* **What the exercise asks**: Please transcribe the entries below exactly and leave out every picture.

* **Data extract**:
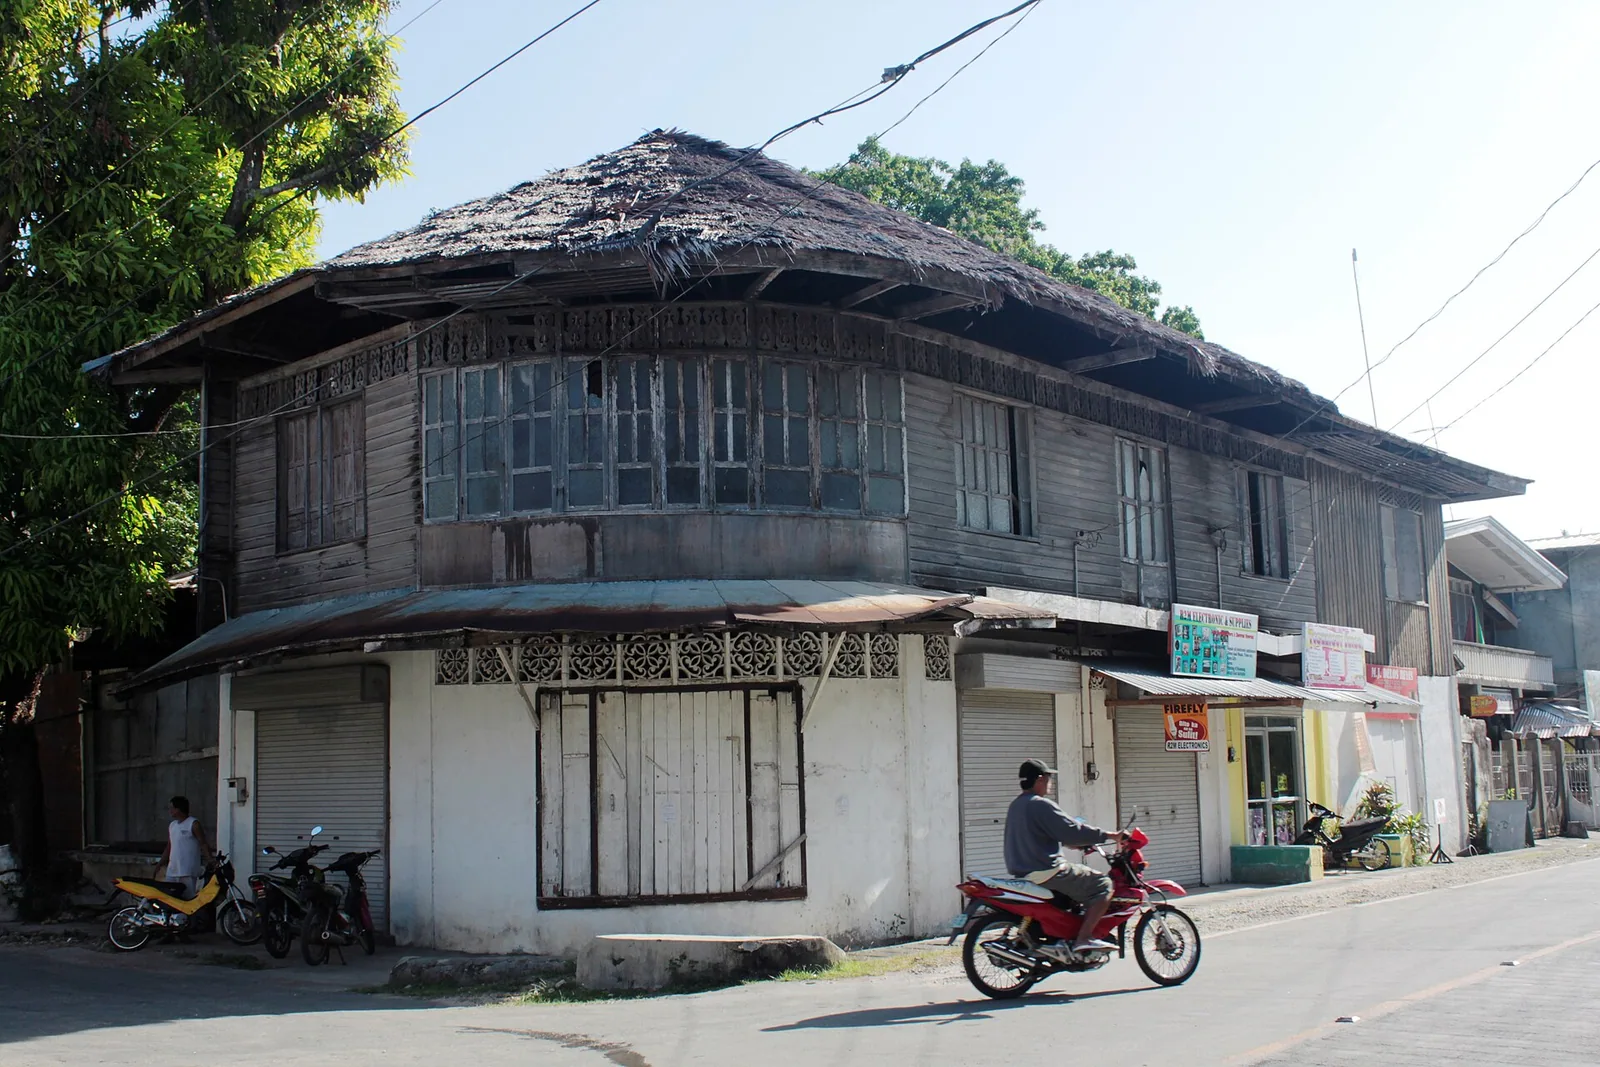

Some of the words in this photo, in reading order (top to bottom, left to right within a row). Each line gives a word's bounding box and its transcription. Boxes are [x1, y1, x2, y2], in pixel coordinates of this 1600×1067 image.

[1192, 611, 1224, 626] ELECTRONIC
[1229, 616, 1252, 629] SUPPLIES
[1164, 703, 1204, 713] FIREFLY
[1177, 741, 1208, 749] ELECTRONICS

* **Response to this task**:
Some of the words in this photo, in reading order (top to bottom, left to right within a row). Each line gives a word's bounding box and its transcription. Boxes are [x1, y1, x2, y2], in pixel coordinates of this 1600×1067 image.

[1192, 611, 1224, 626] ELECTRONIC
[1229, 616, 1252, 629] SUPPLIES
[1164, 703, 1204, 713] FIREFLY
[1177, 741, 1208, 749] ELECTRONICS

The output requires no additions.